Peucestas (Πευκέστας, Peukéstas; lived 4th century BC), son of Markatatos, was a native of the town of Mieza, in Macedonia, and a distinguished officer in the service of Alexander the Great. His name is first mentioned as one of those appointed to command a trireme on the Hydaspes. Prior to this he must have distinguished himself for his personal valour and prowess, as he was the person selected by Alexander to carry before him in battle the sacred shield, which he had taken down from the temple of Athena at Troy. In this capacity he was in close attendance upon the king's person in the assault on the capital city of the Malavas (325 BC); and all authors agreed in attributing the chief share in saving the life of Alexander upon that occasion to Peucestas, while they differed as to almost all the other circumstances and persons concerned.

For his services on this occasion he was rewarded by the king with almost every distinction which it was in his power to confer. On the arrival of Alexander at Persepolis, he bestowed upon Peucestas the important satrapy of Persis, but, previous to this, he had already raised him to the rank of somatophylax (the king's bodyguard), an honour rendered the more conspicuous in this instance by the number of those select officers being augmented on purpose to make room for his admission. At Susa, also, Peucestas was the first of those rewarded with crowns of gold for their past exploits.
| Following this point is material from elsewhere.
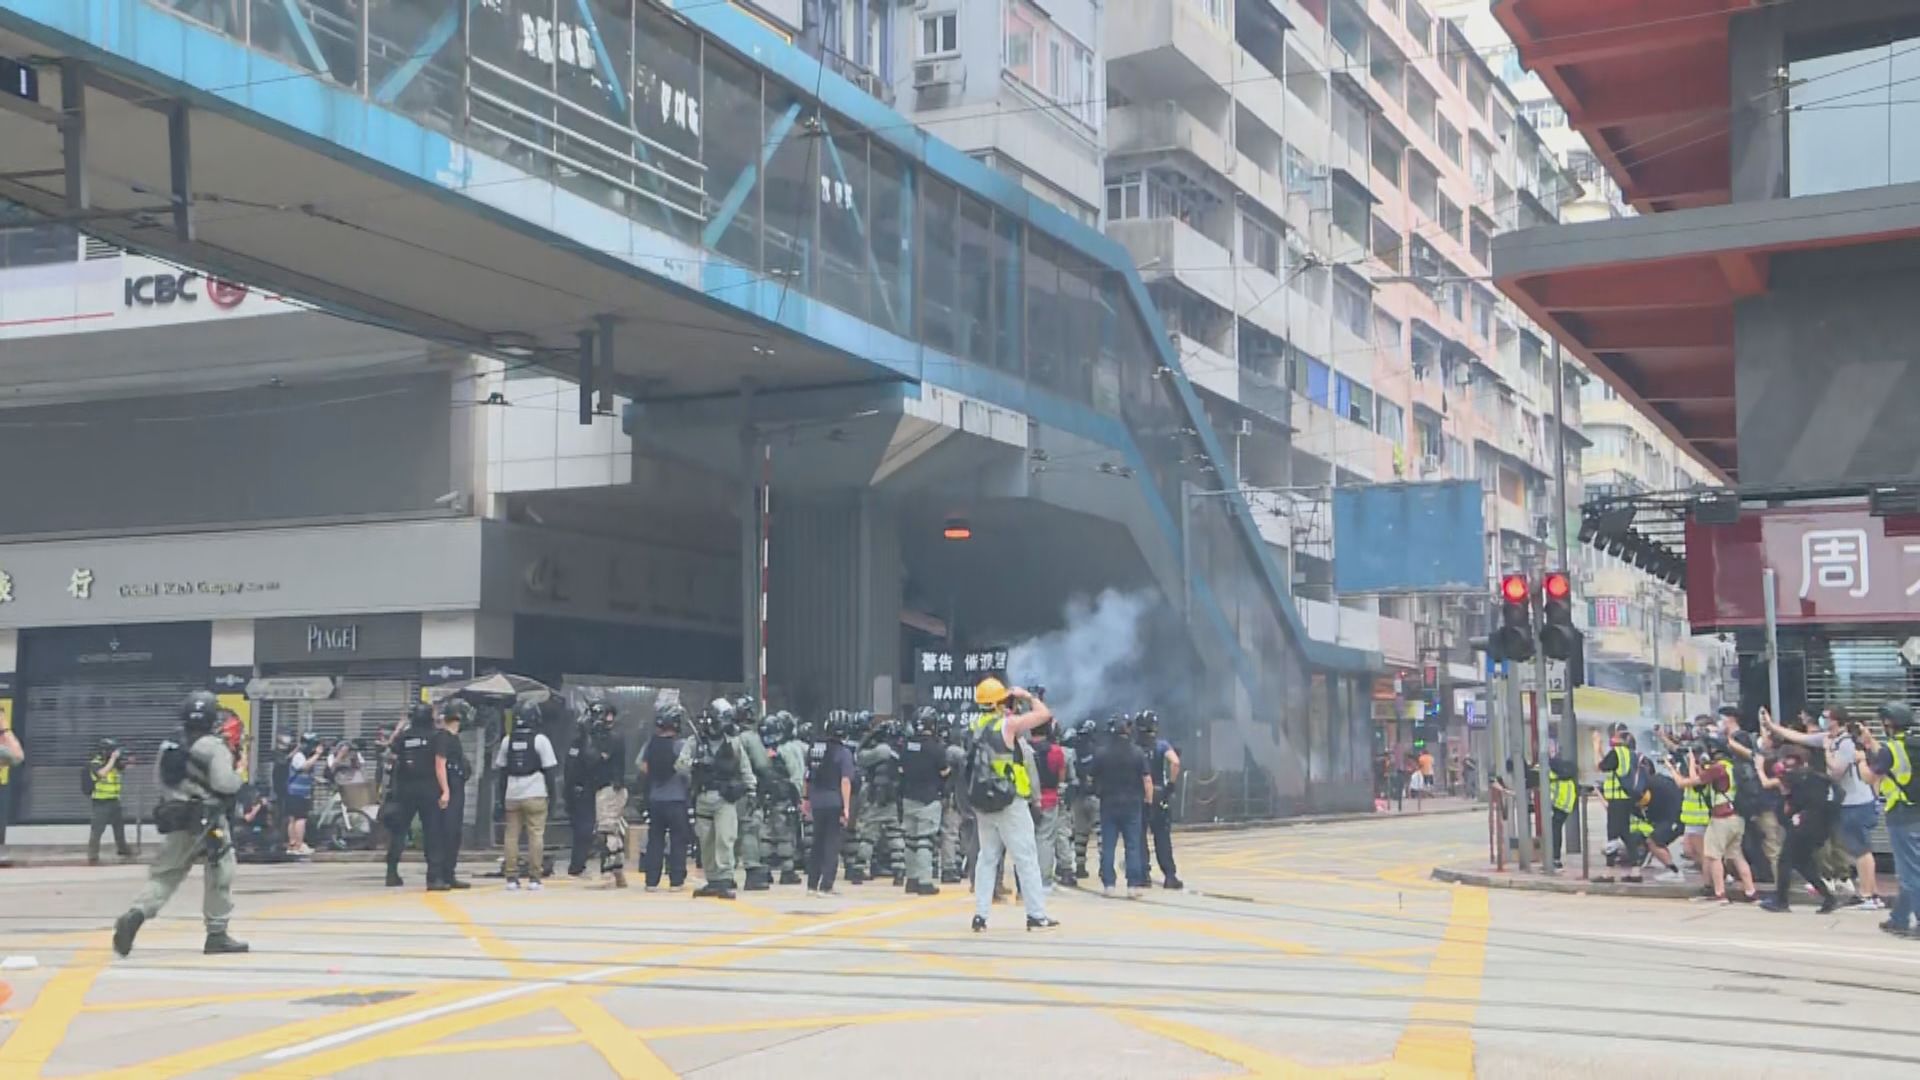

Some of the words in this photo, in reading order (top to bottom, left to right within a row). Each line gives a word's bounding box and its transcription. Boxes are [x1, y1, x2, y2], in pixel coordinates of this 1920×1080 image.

After this he proceeded to take possession of his government, where he conciliated the favour of the Persians subject to his rule, as well as that of Alexander himself, by adopting the Persian dress and customs, in exchange for those of Macedonia; whence he is considered a Persophile.
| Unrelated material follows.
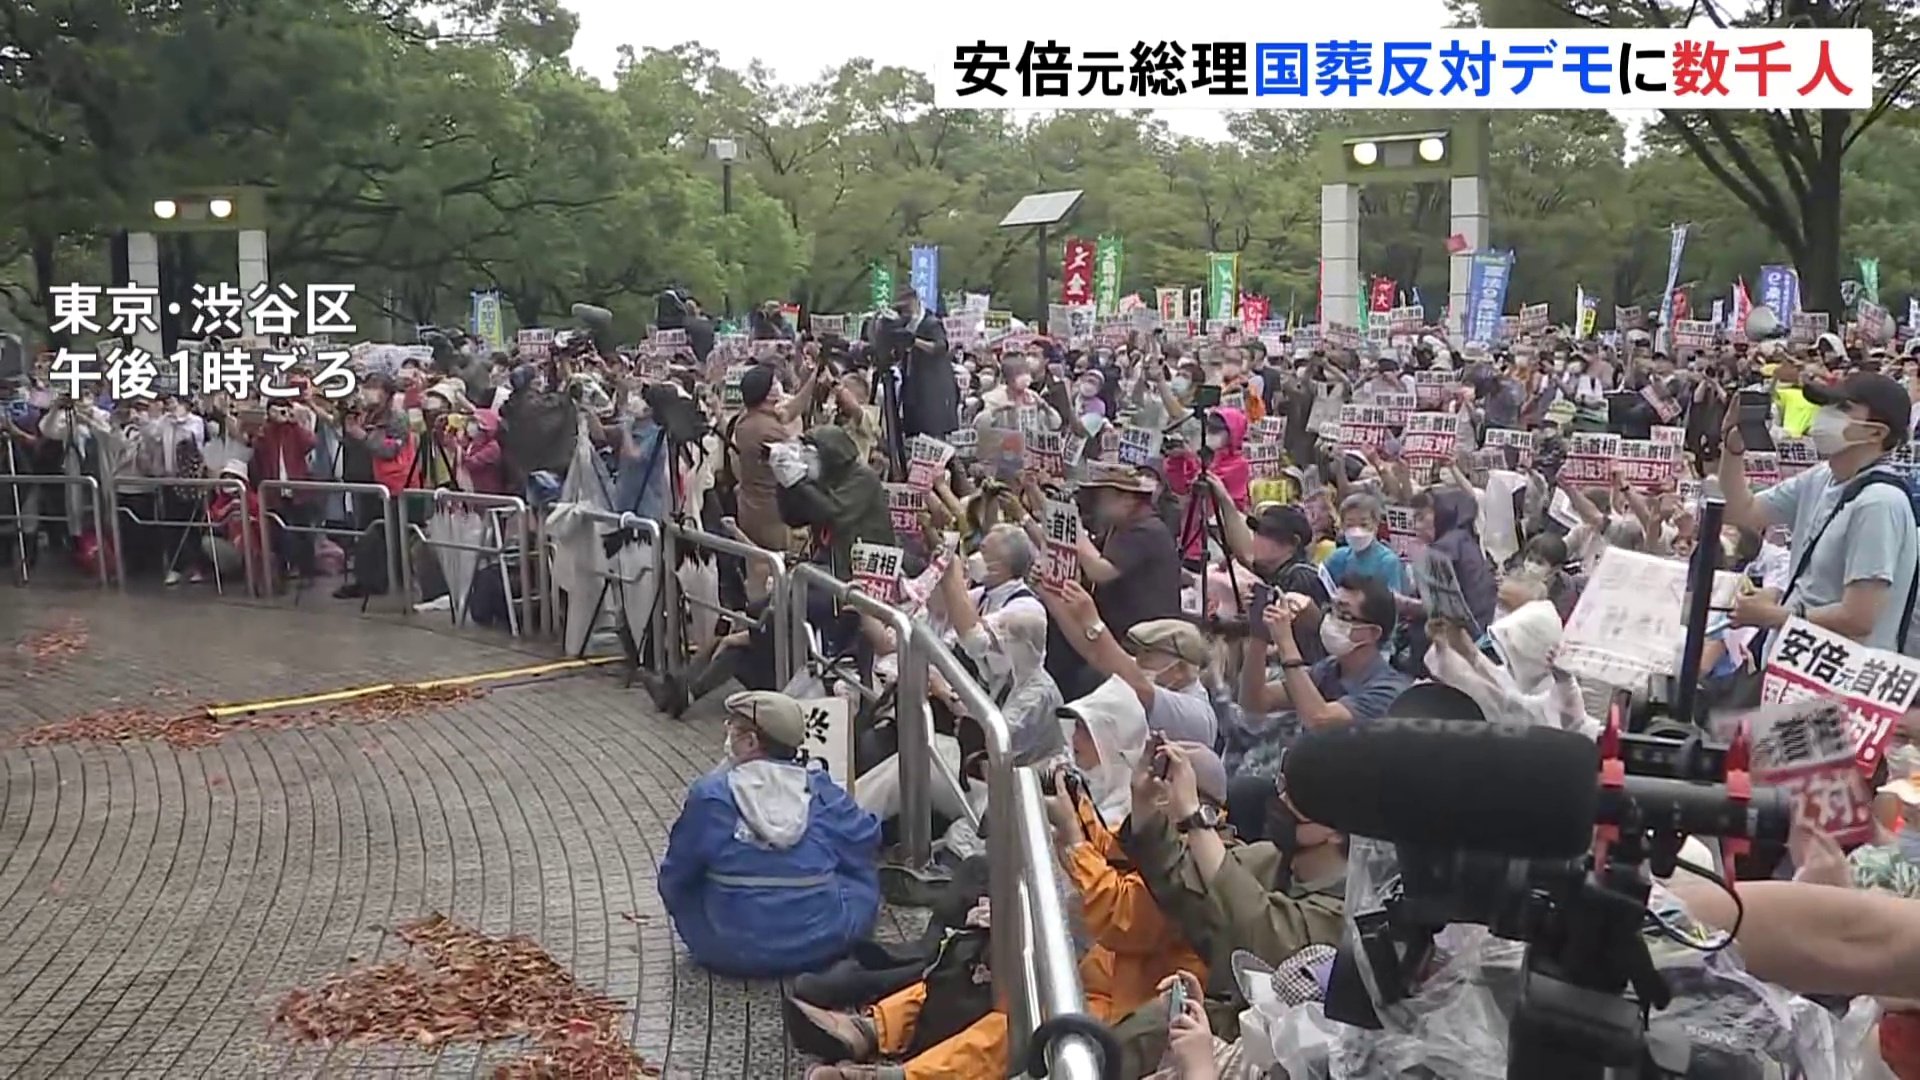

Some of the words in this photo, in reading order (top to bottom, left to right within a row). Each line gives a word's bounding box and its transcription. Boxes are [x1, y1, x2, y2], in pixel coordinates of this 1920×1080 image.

[1776, 627, 1919, 706] 安倍元首相
In the spring of 323 BC, Peucestas joined the king at Babylon, with an army of 20,000 Persian troops; and is mentioned as one of those in attendance upon him during his last illness. It does not appear that he took any leading part in the discussions that ensued upon the death of Alexander, but in the division of the provinces that followed, he obtained the renewal of his government of Persis, which he also retained in the second partition at Triparadisus, 321 BC. All his attention seems to have been directed to strengthening himself in this position and extending his power and influence as far as possible. In this he so far succeeded, that when he was at length compelled to take an active part in the war between Antigonus and Eumenes (317 BC), he obtained by common consent the chief command of all the forces furnished by the satrapies east of the Tigris river; and was with difficulty induced to waive his pretensions to the supreme direction of the war. Eumenes, however, by his dexterous management, soothed the irritation of Peucestas, and retained him firmly in his alliance throughout the two campaigns that followed. The satrap was contented to gratify his pride by feasting the whole of the armies assembled in Persis on a scale of royal magnificence, while Eumenes virtually directed all the operations of the war.
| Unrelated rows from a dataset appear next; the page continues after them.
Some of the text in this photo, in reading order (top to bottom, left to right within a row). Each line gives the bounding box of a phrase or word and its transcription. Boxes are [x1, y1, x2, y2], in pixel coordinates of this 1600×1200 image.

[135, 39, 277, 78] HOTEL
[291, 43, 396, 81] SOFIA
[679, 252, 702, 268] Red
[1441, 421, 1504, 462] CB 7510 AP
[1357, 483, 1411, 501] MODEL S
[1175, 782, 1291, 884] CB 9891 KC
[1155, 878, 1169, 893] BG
But the disaster in the final action at the Battle of Gabiene near Gadamarta (316 BC) which led to the capture of the baggage, and the surrender of Eumenes by the Argyraspids, appears to have been due to the misconduct and insubordination of Peucestas, who, according to one account, was himself one of the chief advisers of the treaty. His conduct throughout these campaigns shows that he lacked both the ability to command for himself, and the moderation to follow the superior judgment of others. His vain and ambitious character seems to have been appreciated at its just value by Antigonus, who, while he deprived him of his satrapy, and led him away a virtual prisoner, elated him with false hopes and specious promises, which were never fulfilled. Peucestas seems to have become an Antigonid officer, treating with cities like Theangela on their behalf. He maintained his prominence during Demetrius's reign as the king of Macedon.

A statue of Peucestes was created by Tisicrates of Sicyon.